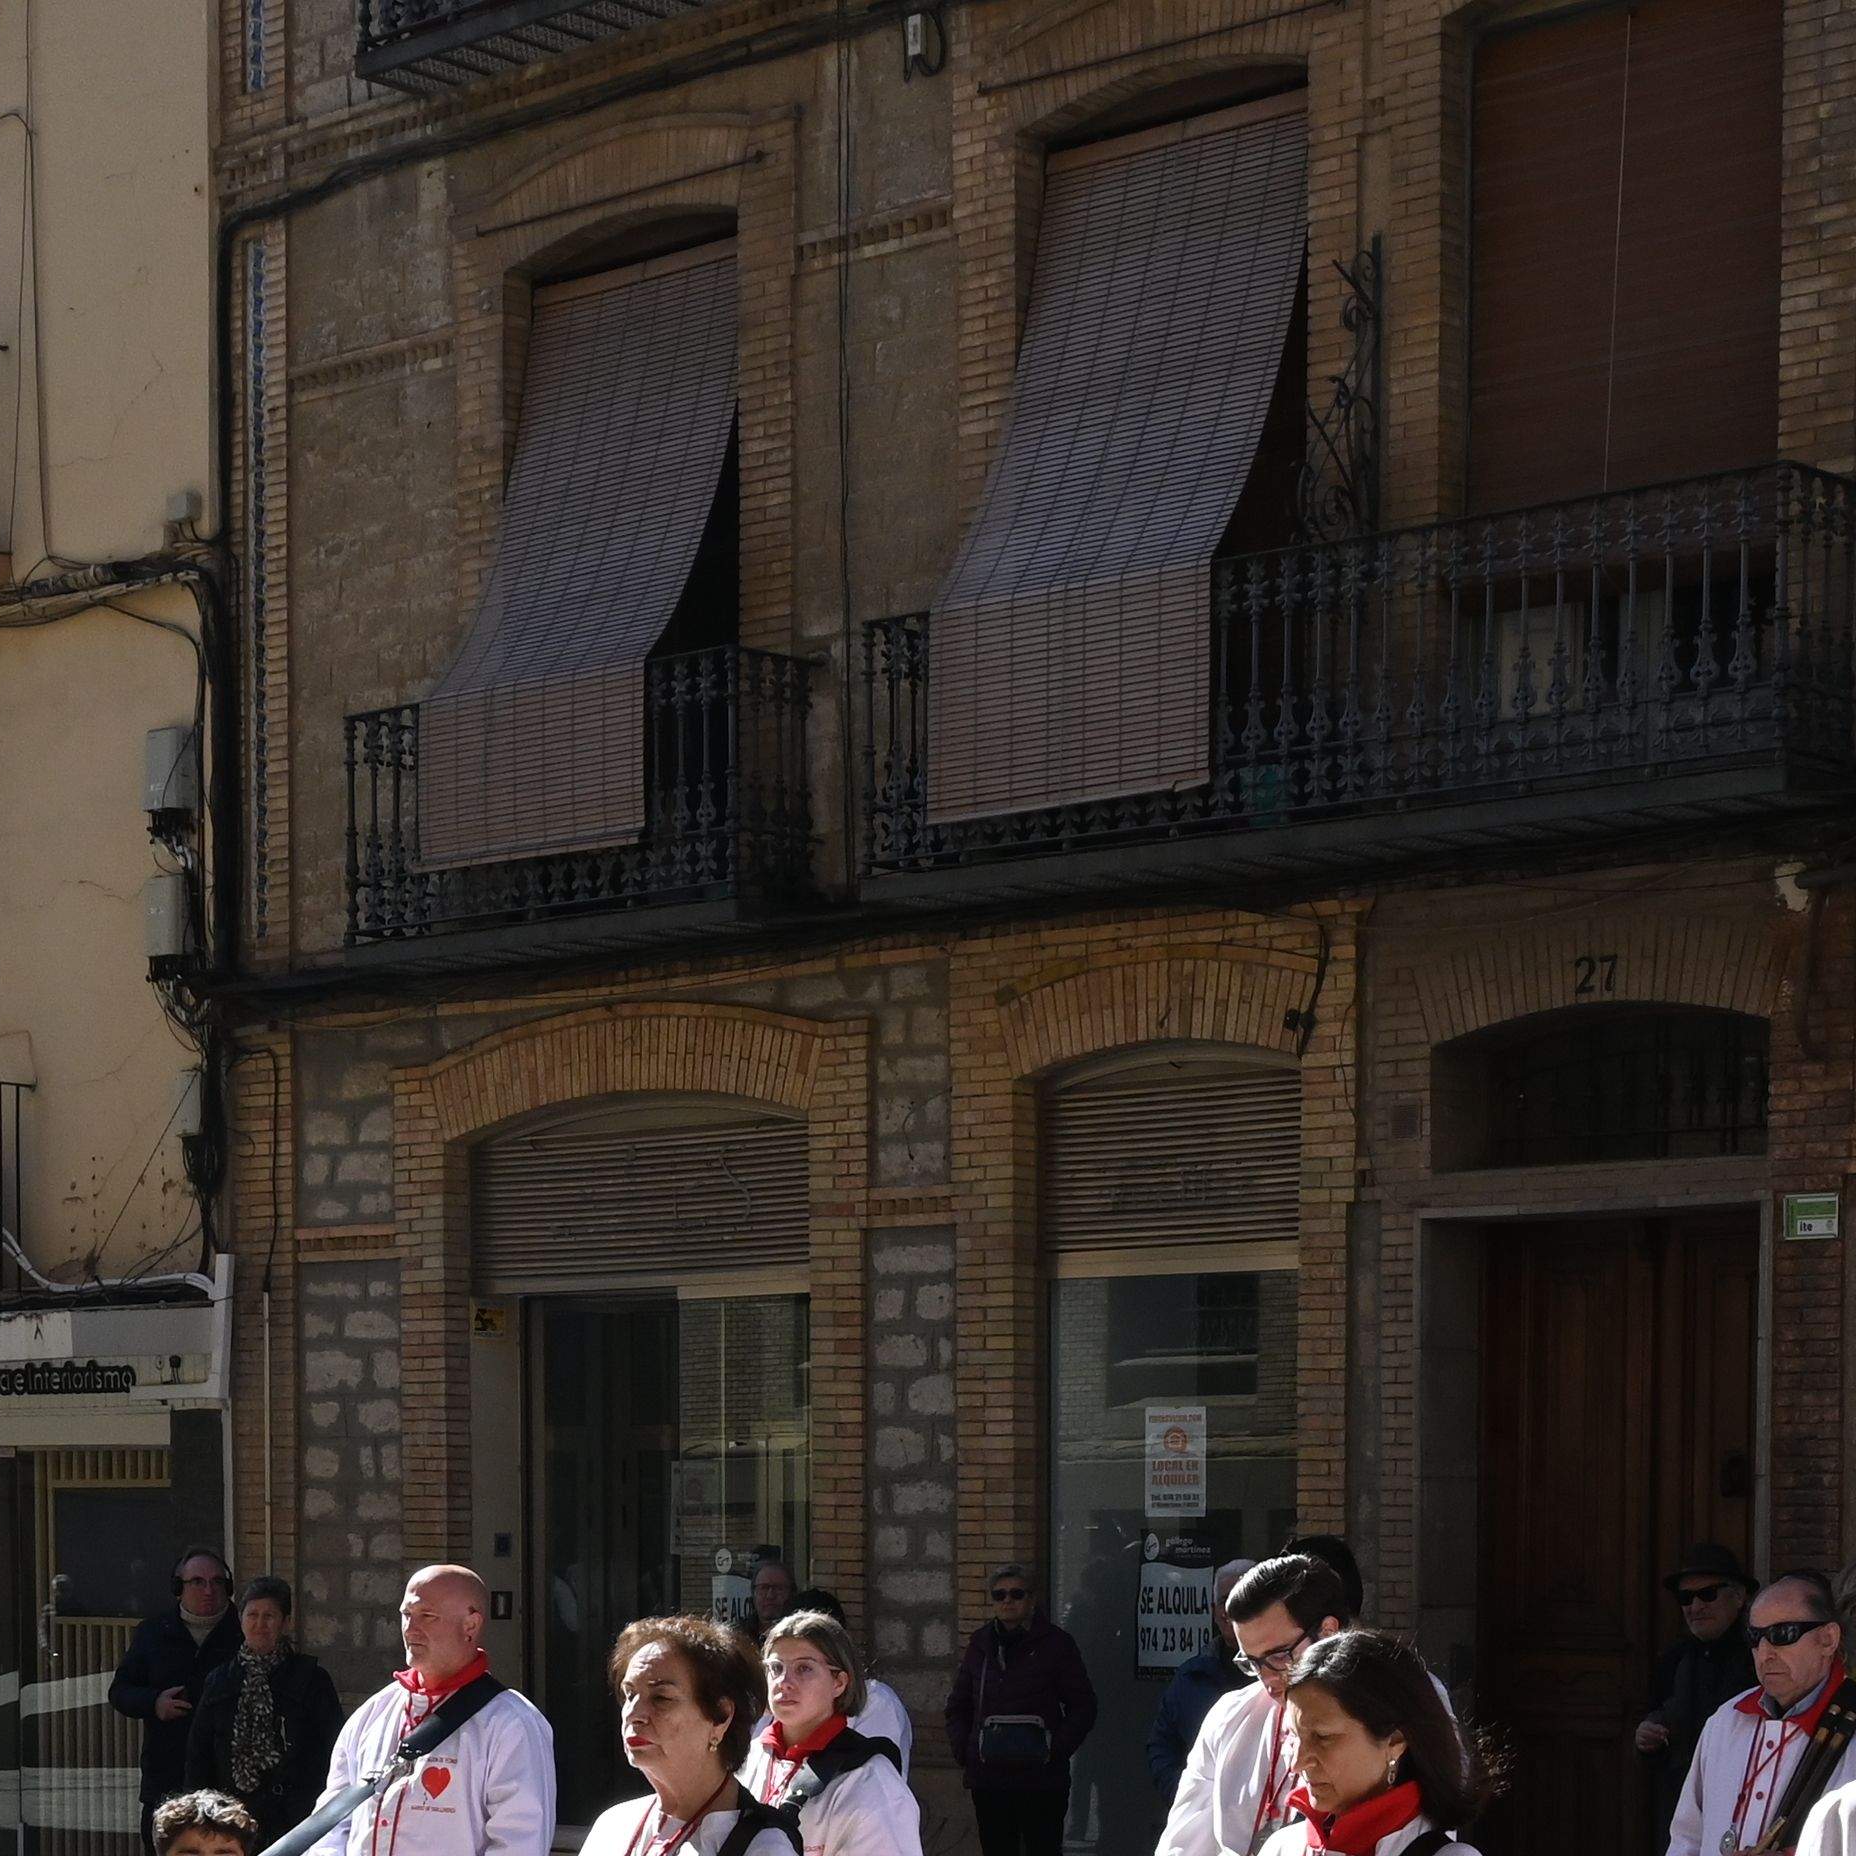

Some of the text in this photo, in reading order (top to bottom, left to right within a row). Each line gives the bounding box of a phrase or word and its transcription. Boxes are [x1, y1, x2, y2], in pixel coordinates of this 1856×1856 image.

[1574, 953, 1618, 993] 27
[11, 1369, 25, 1394] e
[26, 1360, 136, 1393] Interiorismo
[1152, 1460, 1184, 1472] LOCAL
[1152, 1474, 1200, 1486] ALQUILER
[714, 1597, 728, 1622] SE
[1140, 1586, 1210, 1615] SE ALQUILA
[1140, 1626, 1158, 1651] 974
[1162, 1627, 1176, 1652] 23
[1179, 1627, 1193, 1652] 84
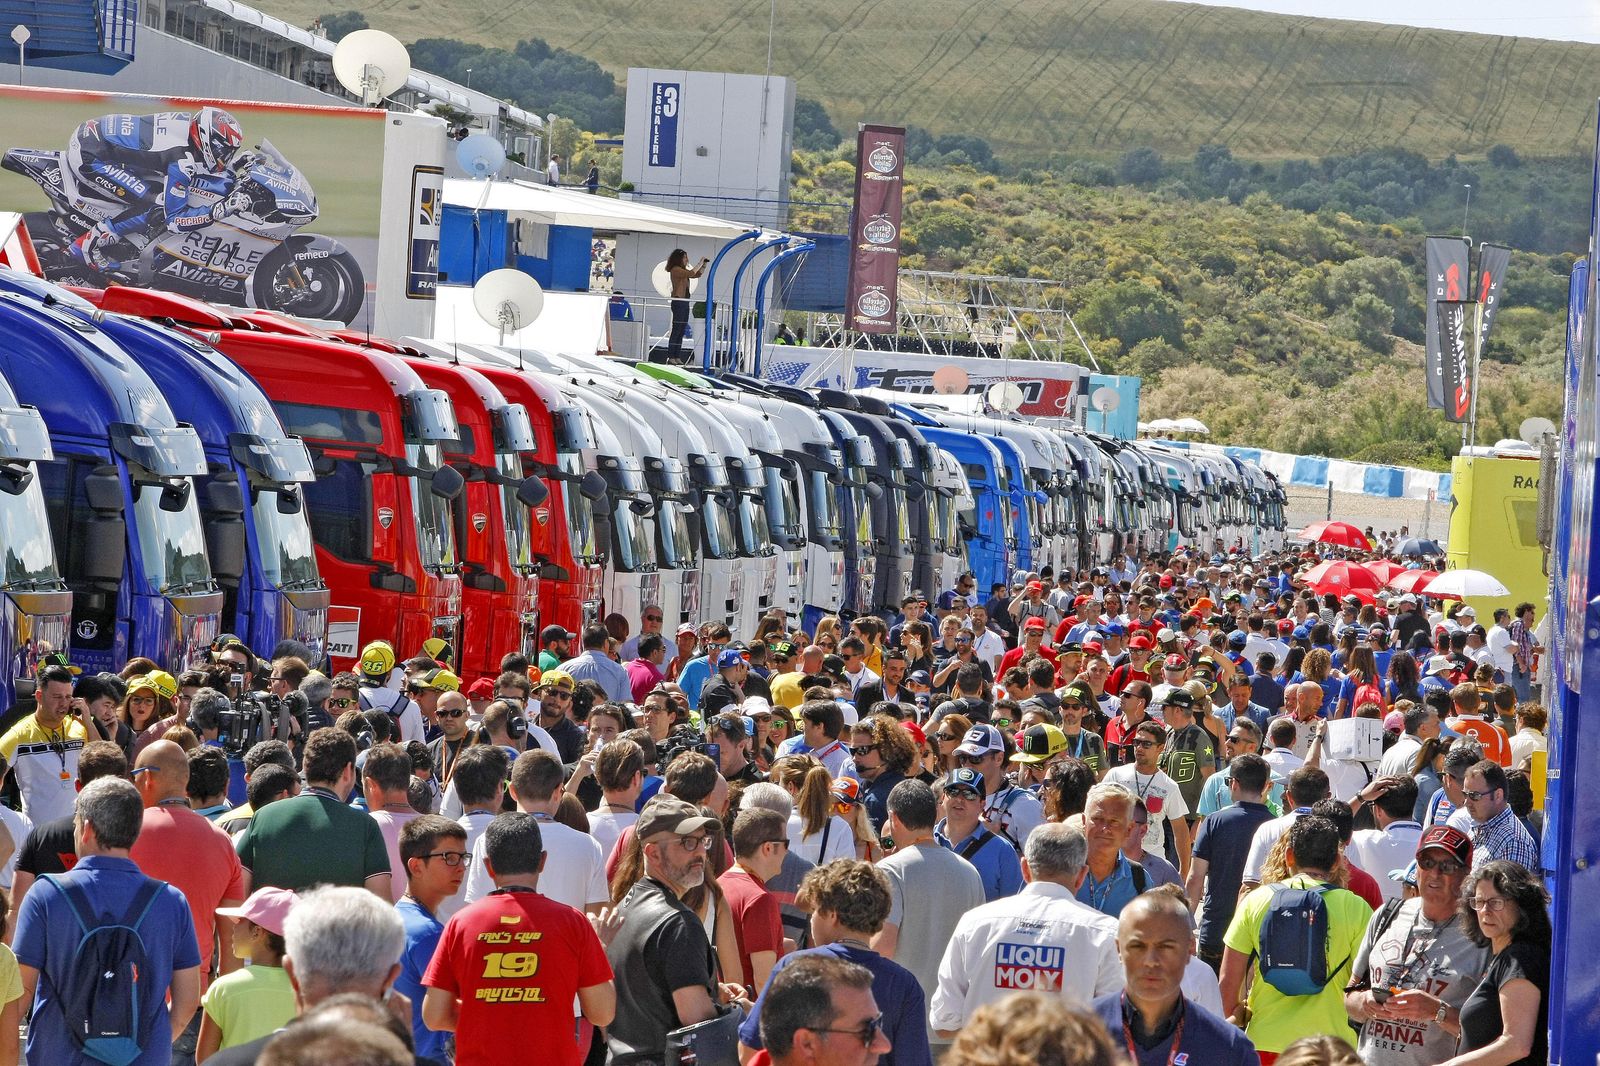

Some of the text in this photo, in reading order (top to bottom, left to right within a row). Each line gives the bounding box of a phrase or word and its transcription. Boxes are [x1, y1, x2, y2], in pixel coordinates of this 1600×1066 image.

[663, 86, 678, 118] 3
[652, 85, 662, 165] ESCALERA
[95, 176, 117, 193] CIRSA
[101, 164, 146, 194] Avintia
[184, 231, 264, 264] REALE
[294, 250, 329, 261] remeco
[161, 259, 240, 290] Avintia
[362, 660, 384, 672] 46
[477, 931, 542, 944] FAN'S CLUB
[482, 952, 538, 978] 19
[997, 944, 1061, 968] LIQUI
[995, 966, 1062, 992] MOLY
[1424, 977, 1449, 998] 17
[475, 987, 546, 1003] BAUTISTA
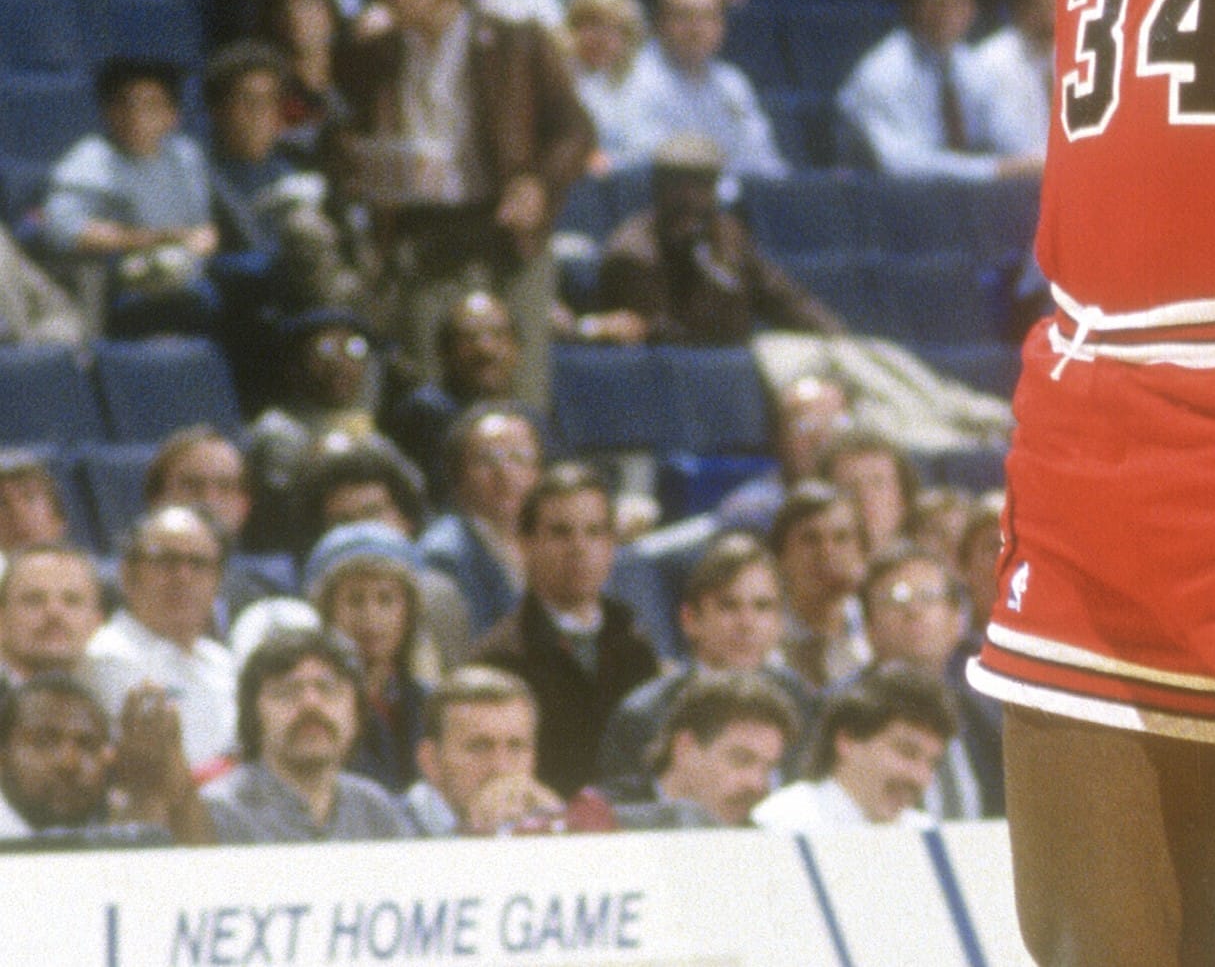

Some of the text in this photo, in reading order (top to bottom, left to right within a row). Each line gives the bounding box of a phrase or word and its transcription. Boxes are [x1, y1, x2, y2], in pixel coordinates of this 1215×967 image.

[171, 889, 646, 967] NEXT HOME GAME
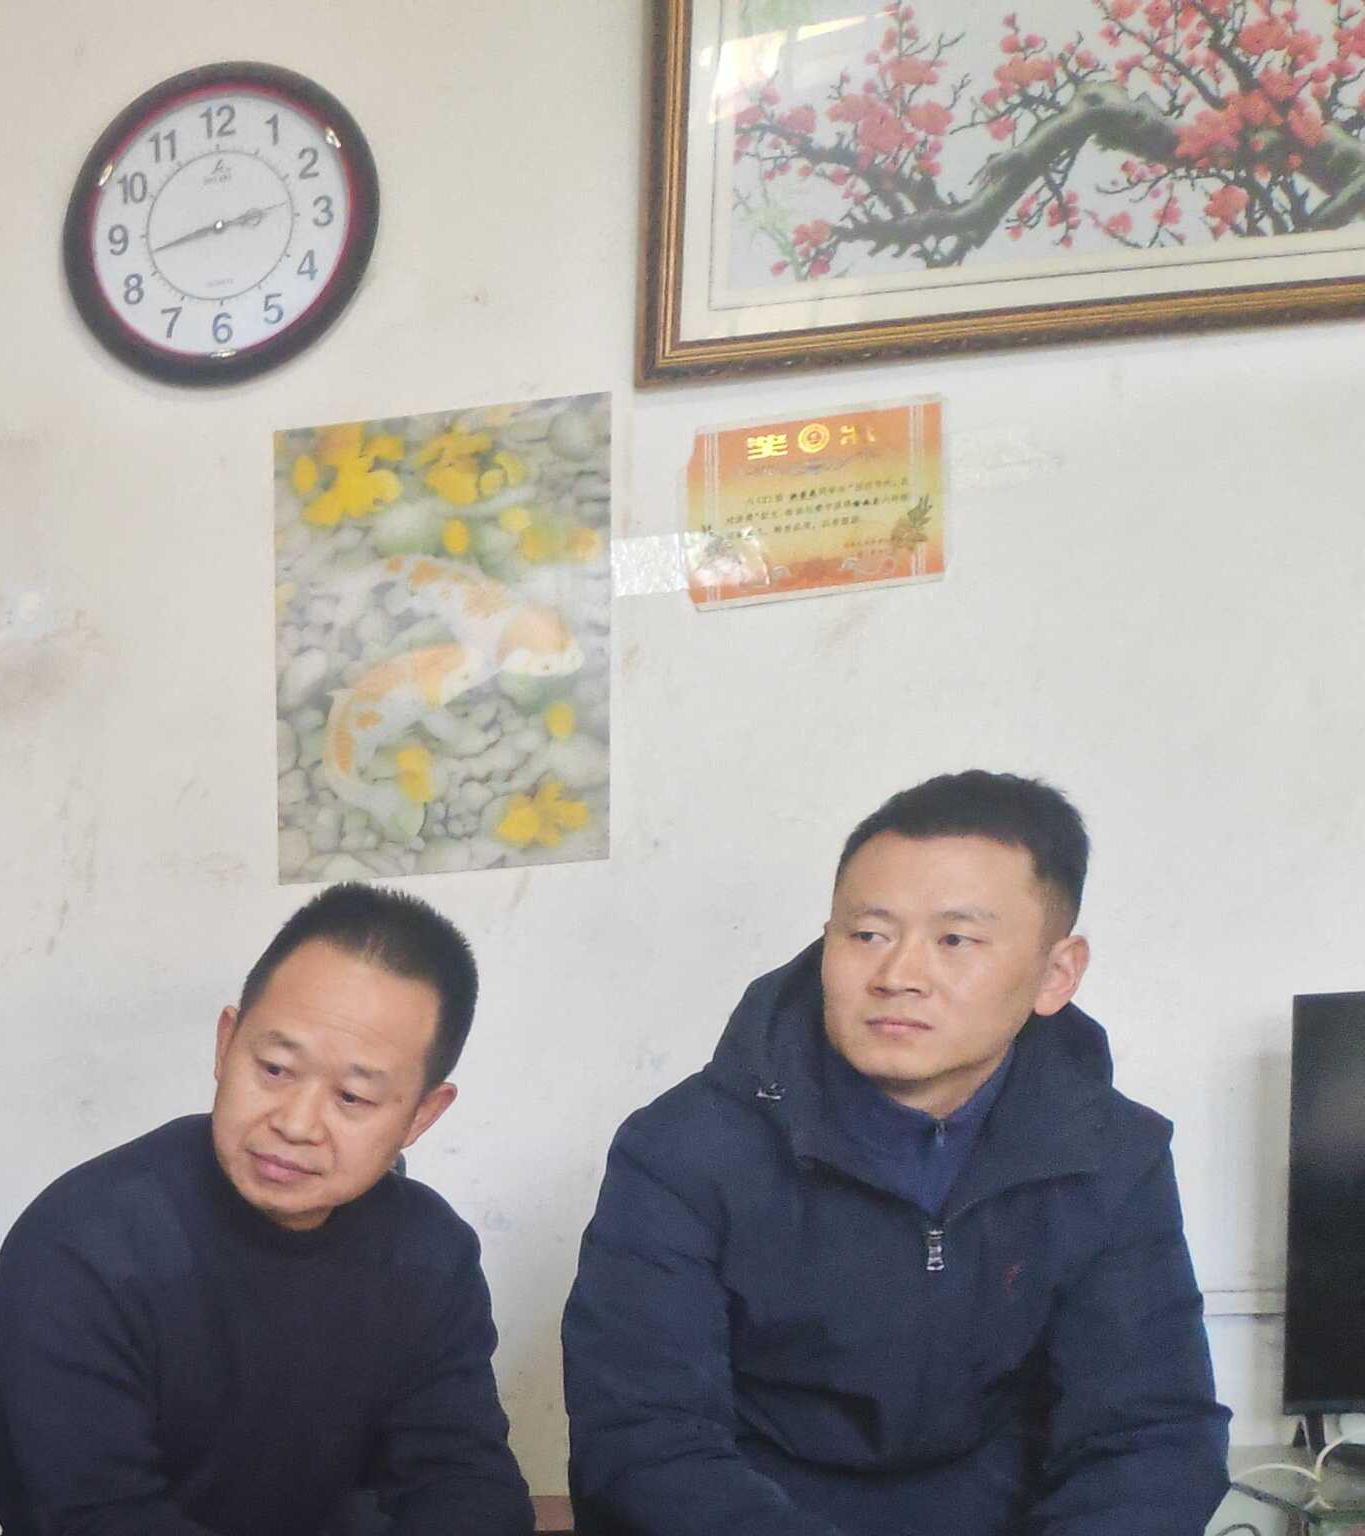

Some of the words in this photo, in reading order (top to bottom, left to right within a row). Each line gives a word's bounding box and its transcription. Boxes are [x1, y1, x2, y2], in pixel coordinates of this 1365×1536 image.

[200, 105, 236, 138] 12
[265, 113, 280, 145] 1
[149, 129, 177, 163] 11
[298, 147, 319, 180] 2
[118, 172, 147, 204] 10
[312, 195, 334, 227] 3
[108, 224, 129, 256] 9
[296, 249, 317, 281] 4
[123, 273, 144, 305] 8
[161, 307, 182, 338] 7
[263, 293, 284, 324] 5
[212, 312, 233, 343] 6
*-*-*
Reproduce every record in full. Leave out the images.

Some of the text in this photo, in reading order (top to bottom, left to right within a row). Each line gives the bounding box of a phrase or word and its transcription. Boxes are [x1, y1, x2, y2], in pixel coordinates of this 1856×1856 image.

[1574, 953, 1618, 993] 27
[11, 1369, 25, 1394] e
[26, 1360, 136, 1393] Interiorismo
[1152, 1460, 1184, 1472] LOCAL
[1152, 1474, 1200, 1486] ALQUILER
[714, 1597, 728, 1622] SE
[1140, 1586, 1210, 1615] SE ALQUILA
[1140, 1626, 1158, 1651] 974
[1162, 1627, 1176, 1652] 23
[1179, 1627, 1193, 1652] 84

Some of the text in this photo, in reading order (top to bottom, left to right within a row). Each line gives the bounding box of a phrase or word and its transcription. Boxes are [x1, y1, x2, y2], in pixel coordinates of this 1600×1066 image.

[663, 86, 678, 118] 3
[652, 85, 662, 165] ESCALERA
[95, 176, 117, 193] CIRSA
[101, 164, 146, 194] Avintia
[184, 231, 264, 264] REALE
[294, 250, 329, 261] remeco
[161, 259, 240, 290] Avintia
[362, 660, 384, 672] 46
[477, 931, 542, 944] FAN'S CLUB
[482, 952, 538, 978] 19
[997, 944, 1061, 968] LIQUI
[995, 966, 1062, 992] MOLY
[1424, 977, 1449, 998] 17
[475, 987, 546, 1003] BAUTISTA

Some of the text in this photo, in reading order (top to bottom, left to right within a row). Each line gives the bounding box of a phrase or word and its transcription. Boxes are [x1, y1, x2, y2], in pixel coordinates of this 1215×967 image.

[171, 889, 646, 967] NEXT HOME GAME

Some of the words in this photo, in reading order (top to bottom, left to right within a row). Each line gives a word's bounding box and its transcription. Boxes are [x1, y1, x2, y2], in pixel coordinates of this 1365×1536 image.

[200, 105, 236, 138] 12
[265, 113, 280, 145] 1
[149, 129, 177, 163] 11
[298, 147, 319, 180] 2
[118, 172, 147, 204] 10
[312, 195, 334, 227] 3
[108, 224, 129, 256] 9
[296, 249, 317, 281] 4
[123, 273, 144, 305] 8
[161, 307, 182, 338] 7
[263, 293, 284, 324] 5
[212, 312, 233, 343] 6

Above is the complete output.